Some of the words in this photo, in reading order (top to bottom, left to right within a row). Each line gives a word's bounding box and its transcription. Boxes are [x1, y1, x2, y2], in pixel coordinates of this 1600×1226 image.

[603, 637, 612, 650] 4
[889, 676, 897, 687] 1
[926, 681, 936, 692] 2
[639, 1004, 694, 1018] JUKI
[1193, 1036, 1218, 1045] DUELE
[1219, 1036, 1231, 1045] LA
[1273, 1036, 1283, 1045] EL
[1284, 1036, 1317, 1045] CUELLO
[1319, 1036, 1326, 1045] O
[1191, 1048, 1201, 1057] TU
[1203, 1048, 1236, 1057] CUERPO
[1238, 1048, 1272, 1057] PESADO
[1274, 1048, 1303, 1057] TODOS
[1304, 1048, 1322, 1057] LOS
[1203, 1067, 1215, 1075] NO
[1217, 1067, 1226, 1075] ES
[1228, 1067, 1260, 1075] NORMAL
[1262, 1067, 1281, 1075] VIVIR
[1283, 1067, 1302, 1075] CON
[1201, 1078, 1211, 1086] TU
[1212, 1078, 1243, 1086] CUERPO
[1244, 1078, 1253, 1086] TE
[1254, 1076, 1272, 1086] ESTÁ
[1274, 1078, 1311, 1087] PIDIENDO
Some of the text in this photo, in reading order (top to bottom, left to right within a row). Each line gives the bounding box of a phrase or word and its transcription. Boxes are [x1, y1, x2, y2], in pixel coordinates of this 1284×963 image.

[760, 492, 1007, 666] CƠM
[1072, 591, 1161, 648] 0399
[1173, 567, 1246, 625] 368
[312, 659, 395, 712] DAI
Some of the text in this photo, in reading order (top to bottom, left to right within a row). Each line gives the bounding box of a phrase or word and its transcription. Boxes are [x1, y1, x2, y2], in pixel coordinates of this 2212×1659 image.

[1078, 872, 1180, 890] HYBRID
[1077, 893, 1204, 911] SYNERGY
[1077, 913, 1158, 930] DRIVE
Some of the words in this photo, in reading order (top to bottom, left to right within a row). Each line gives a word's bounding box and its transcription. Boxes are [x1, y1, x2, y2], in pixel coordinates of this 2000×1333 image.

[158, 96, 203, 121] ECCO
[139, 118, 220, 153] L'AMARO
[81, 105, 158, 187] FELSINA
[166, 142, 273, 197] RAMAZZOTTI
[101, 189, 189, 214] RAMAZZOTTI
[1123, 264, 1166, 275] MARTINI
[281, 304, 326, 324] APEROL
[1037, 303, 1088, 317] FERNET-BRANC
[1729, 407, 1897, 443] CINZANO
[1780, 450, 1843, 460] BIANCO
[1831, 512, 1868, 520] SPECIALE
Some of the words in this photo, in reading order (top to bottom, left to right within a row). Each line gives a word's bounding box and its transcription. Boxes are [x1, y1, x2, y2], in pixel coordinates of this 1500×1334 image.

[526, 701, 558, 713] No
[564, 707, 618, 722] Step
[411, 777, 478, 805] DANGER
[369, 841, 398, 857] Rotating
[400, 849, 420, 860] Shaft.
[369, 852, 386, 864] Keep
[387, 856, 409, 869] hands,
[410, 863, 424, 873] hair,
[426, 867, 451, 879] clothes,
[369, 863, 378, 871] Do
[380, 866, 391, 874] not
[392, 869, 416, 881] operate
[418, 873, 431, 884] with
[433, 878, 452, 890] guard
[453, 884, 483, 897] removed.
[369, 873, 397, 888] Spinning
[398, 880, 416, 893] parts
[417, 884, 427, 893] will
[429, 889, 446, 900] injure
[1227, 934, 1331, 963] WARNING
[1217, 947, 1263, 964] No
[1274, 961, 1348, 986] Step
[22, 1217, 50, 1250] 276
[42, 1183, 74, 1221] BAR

——————————

The required output is the full set of entries, reproduced verbatim.

Answer for this exercise |
Some of the words in this photo, in reading order (top to bottom, left to right within a row). Each line gives a word's bounding box and its transcription. Boxes are [x1, y1, x2, y2], in pixel coordinates of this 1600×1226 image.

[603, 637, 612, 650] 4
[889, 676, 897, 687] 1
[926, 681, 936, 692] 2
[639, 1004, 694, 1018] JUKI
[1193, 1036, 1218, 1045] DUELE
[1219, 1036, 1231, 1045] LA
[1273, 1036, 1283, 1045] EL
[1284, 1036, 1317, 1045] CUELLO
[1319, 1036, 1326, 1045] O
[1191, 1048, 1201, 1057] TU
[1203, 1048, 1236, 1057] CUERPO
[1238, 1048, 1272, 1057] PESADO
[1274, 1048, 1303, 1057] TODOS
[1304, 1048, 1322, 1057] LOS
[1203, 1067, 1215, 1075] NO
[1217, 1067, 1226, 1075] ES
[1228, 1067, 1260, 1075] NORMAL
[1262, 1067, 1281, 1075] VIVIR
[1283, 1067, 1302, 1075] CON
[1201, 1078, 1211, 1086] TU
[1212, 1078, 1243, 1086] CUERPO
[1244, 1078, 1253, 1086] TE
[1254, 1076, 1272, 1086] ESTÁ
[1274, 1078, 1311, 1087] PIDIENDO
Some of the text in this photo, in reading order (top to bottom, left to right within a row). Each line gives the bounding box of a phrase or word and its transcription. Boxes are [x1, y1, x2, y2], in pixel coordinates of this 1284×963 image.

[760, 492, 1007, 666] CƠM
[1072, 591, 1161, 648] 0399
[1173, 567, 1246, 625] 368
[312, 659, 395, 712] DAI
Some of the text in this photo, in reading order (top to bottom, left to right within a row). Each line gives the bounding box of a phrase or word and its transcription. Boxes are [x1, y1, x2, y2], in pixel coordinates of this 2212×1659 image.

[1078, 872, 1180, 890] HYBRID
[1077, 893, 1204, 911] SYNERGY
[1077, 913, 1158, 930] DRIVE
Some of the words in this photo, in reading order (top to bottom, left to right within a row). Each line gives a word's bounding box and its transcription. Boxes are [x1, y1, x2, y2], in pixel coordinates of this 2000×1333 image.

[158, 96, 203, 121] ECCO
[139, 118, 220, 153] L'AMARO
[81, 105, 158, 187] FELSINA
[166, 142, 273, 197] RAMAZZOTTI
[101, 189, 189, 214] RAMAZZOTTI
[1123, 264, 1166, 275] MARTINI
[281, 304, 326, 324] APEROL
[1037, 303, 1088, 317] FERNET-BRANC
[1729, 407, 1897, 443] CINZANO
[1780, 450, 1843, 460] BIANCO
[1831, 512, 1868, 520] SPECIALE
Some of the words in this photo, in reading order (top to bottom, left to right within a row). Each line gives a word's bounding box and its transcription. Boxes are [x1, y1, x2, y2], in pixel coordinates of this 1500×1334 image.

[526, 701, 558, 713] No
[564, 707, 618, 722] Step
[411, 777, 478, 805] DANGER
[369, 841, 398, 857] Rotating
[400, 849, 420, 860] Shaft.
[369, 852, 386, 864] Keep
[387, 856, 409, 869] hands,
[410, 863, 424, 873] hair,
[426, 867, 451, 879] clothes,
[369, 863, 378, 871] Do
[380, 866, 391, 874] not
[392, 869, 416, 881] operate
[418, 873, 431, 884] with
[433, 878, 452, 890] guard
[453, 884, 483, 897] removed.
[369, 873, 397, 888] Spinning
[398, 880, 416, 893] parts
[417, 884, 427, 893] will
[429, 889, 446, 900] injure
[1227, 934, 1331, 963] WARNING
[1217, 947, 1263, 964] No
[1274, 961, 1348, 986] Step
[22, 1217, 50, 1250] 276
[42, 1183, 74, 1221] BAR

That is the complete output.